Assignment =
Please give an exact transcription of the lines below, from the one that contains "Some of the text" to the very last, with no other lines.
#####
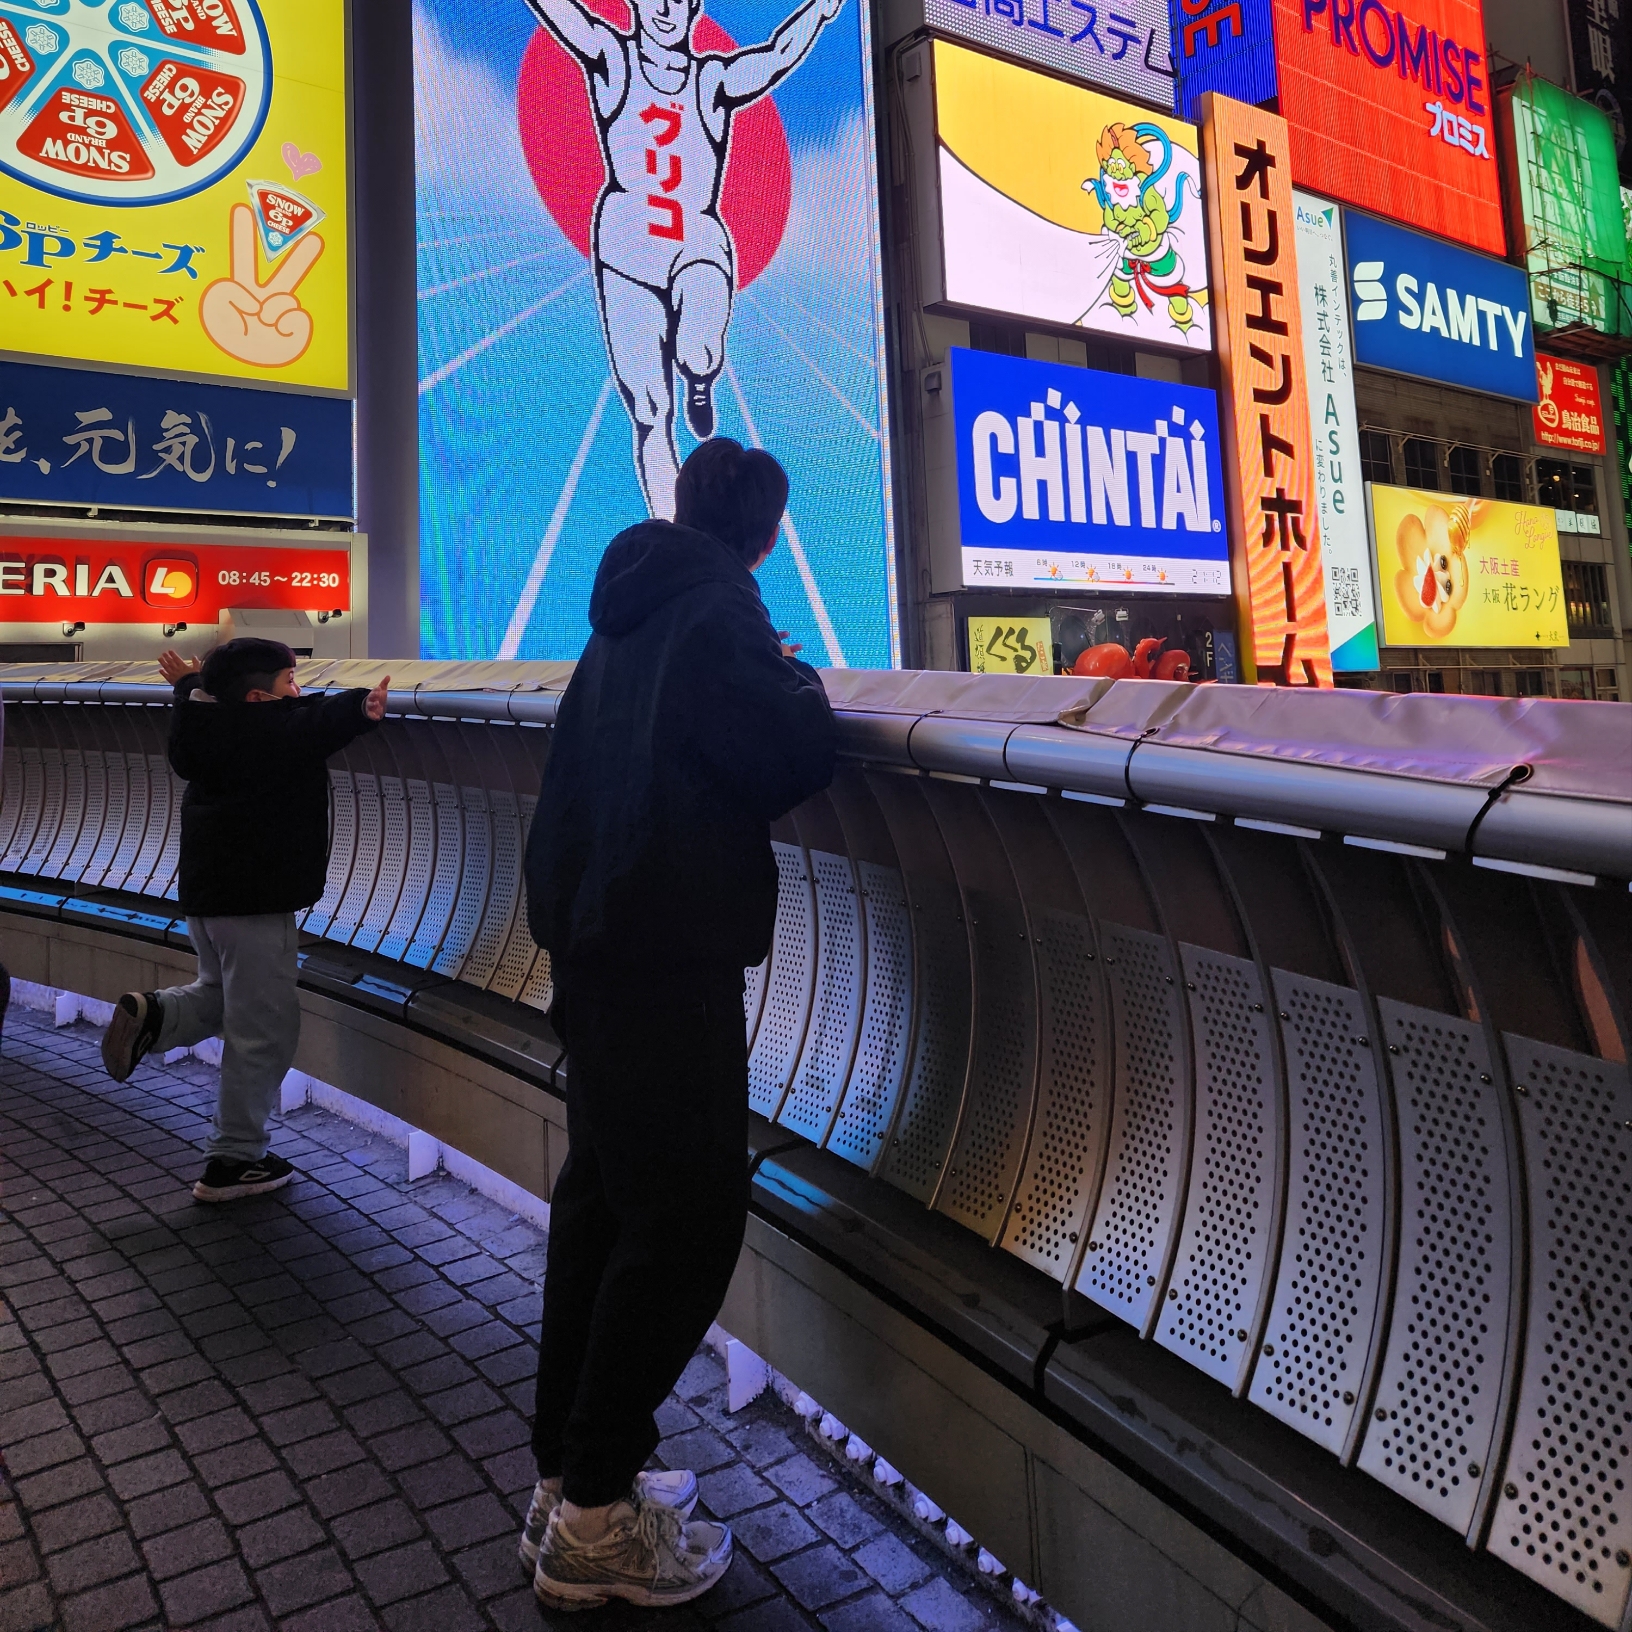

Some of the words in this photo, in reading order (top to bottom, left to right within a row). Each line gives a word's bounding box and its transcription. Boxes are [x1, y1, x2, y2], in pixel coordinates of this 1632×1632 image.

[143, 63, 177, 102] CHEESE
[159, 77, 200, 116] 6P
[61, 91, 115, 113] CHEESE
[183, 95, 206, 123] BRAND
[59, 106, 118, 139] 6P
[181, 86, 234, 155] SNOW
[1424, 101, 1490, 159] プロミス
[39, 137, 130, 173] SNOW
[66, 132, 107, 148] BRAND
[639, 101, 684, 242] グリコ
[266, 193, 305, 216] SNOW
[269, 209, 293, 226] 6P
[1296, 206, 1324, 228] Asue
[26, 221, 70, 234] ロッピー
[267, 220, 290, 234] CHEESE
[1314, 282, 1335, 384] 株式会社
[1328, 254, 1347, 377] 丸善インテックは、
[1396, 273, 1527, 358] SAMTY
[1233, 138, 1320, 688] オリエントホーム
[972, 387, 1212, 532] CHINTAI
[1324, 393, 1346, 515] Asue
[1315, 438, 1333, 555] に変わりました。
[1514, 510, 1539, 536] Hana
[972, 558, 1014, 578] 天気予報
[1479, 556, 1520, 577] 大阪土産
[1482, 587, 1501, 604] 大阪
[1502, 582, 1560, 613] 花ラング
[985, 625, 1037, 674] くくる
[1205, 631, 1214, 668] 2F
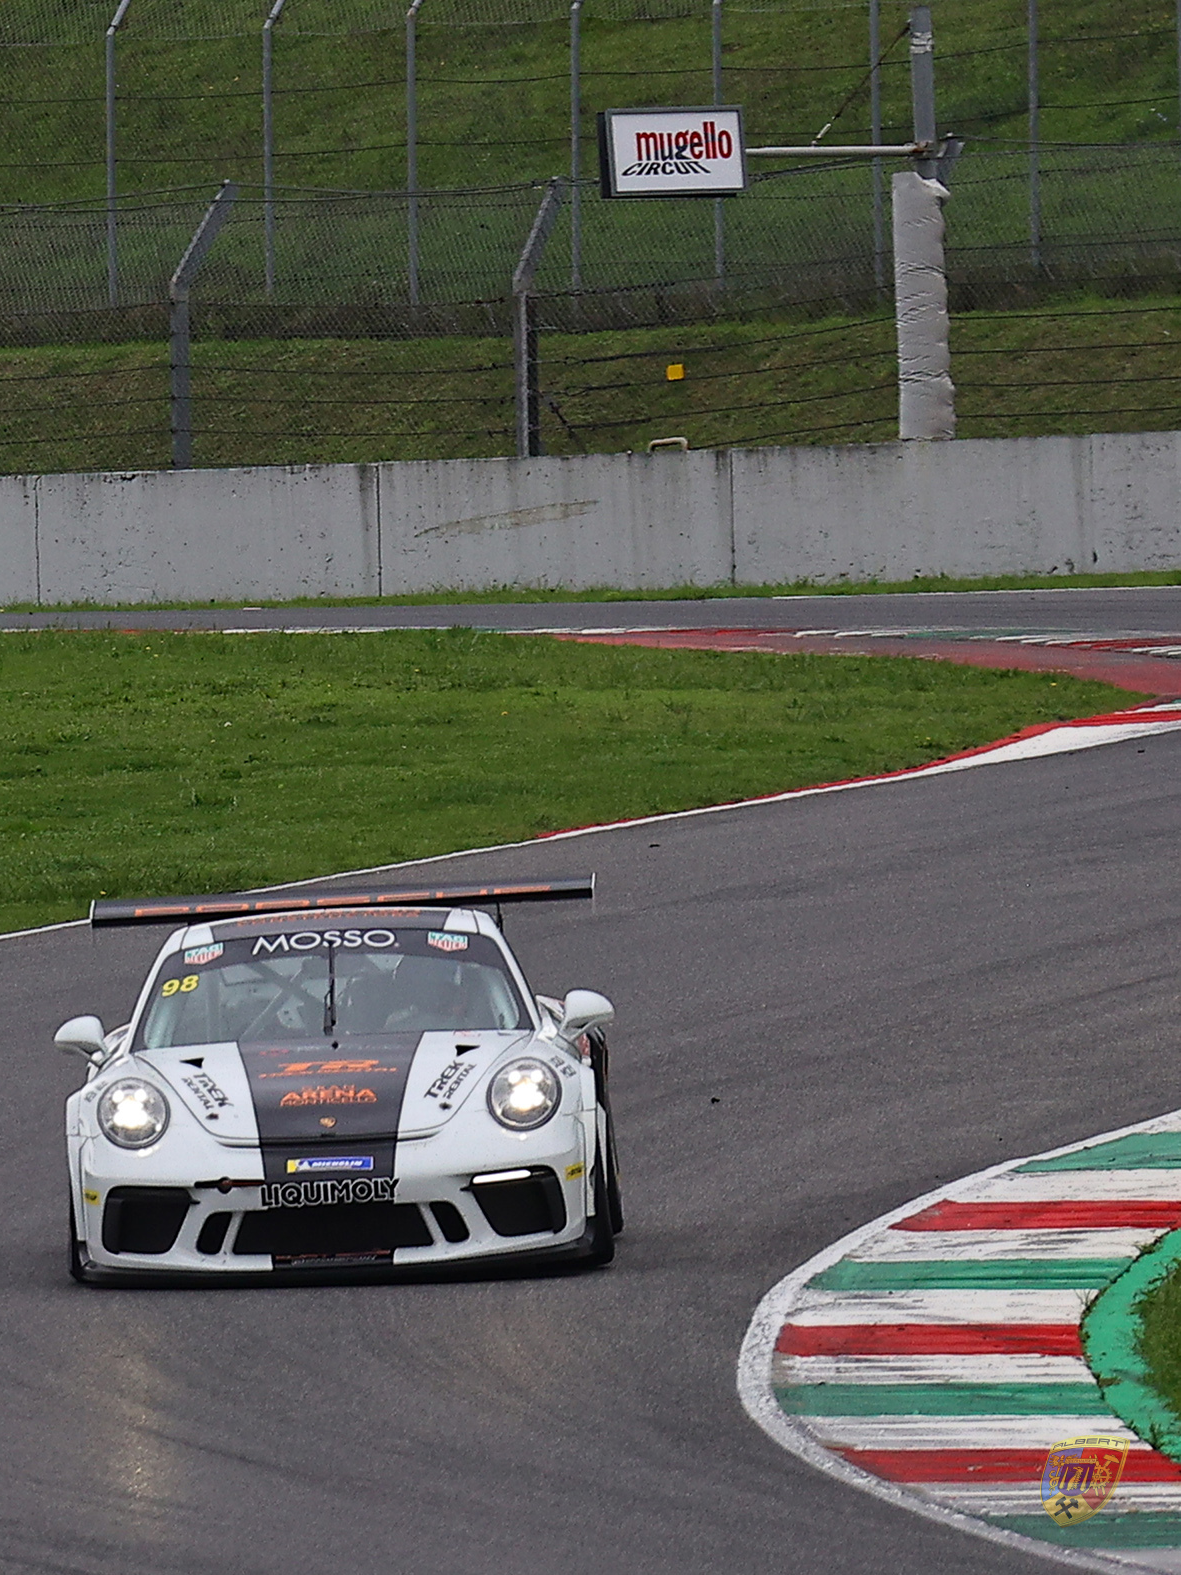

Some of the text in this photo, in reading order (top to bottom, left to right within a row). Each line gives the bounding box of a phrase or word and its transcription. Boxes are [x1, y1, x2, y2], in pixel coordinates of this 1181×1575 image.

[636, 121, 732, 161] mugello
[622, 161, 712, 176] CIRCUIT
[161, 974, 199, 997] 98
[423, 1060, 465, 1098] TREK
#####
Your solution =
Some of the text in this photo, in reading order (top to bottom, left to right within a row). Each line gives the bounding box of a phrase or word and its transcription. Boxes are [x1, y1, x2, y2], in pixel coordinates of this 1181×1575 image.

[636, 121, 732, 161] mugello
[622, 161, 712, 176] CIRCUIT
[161, 974, 199, 997] 98
[423, 1060, 465, 1098] TREK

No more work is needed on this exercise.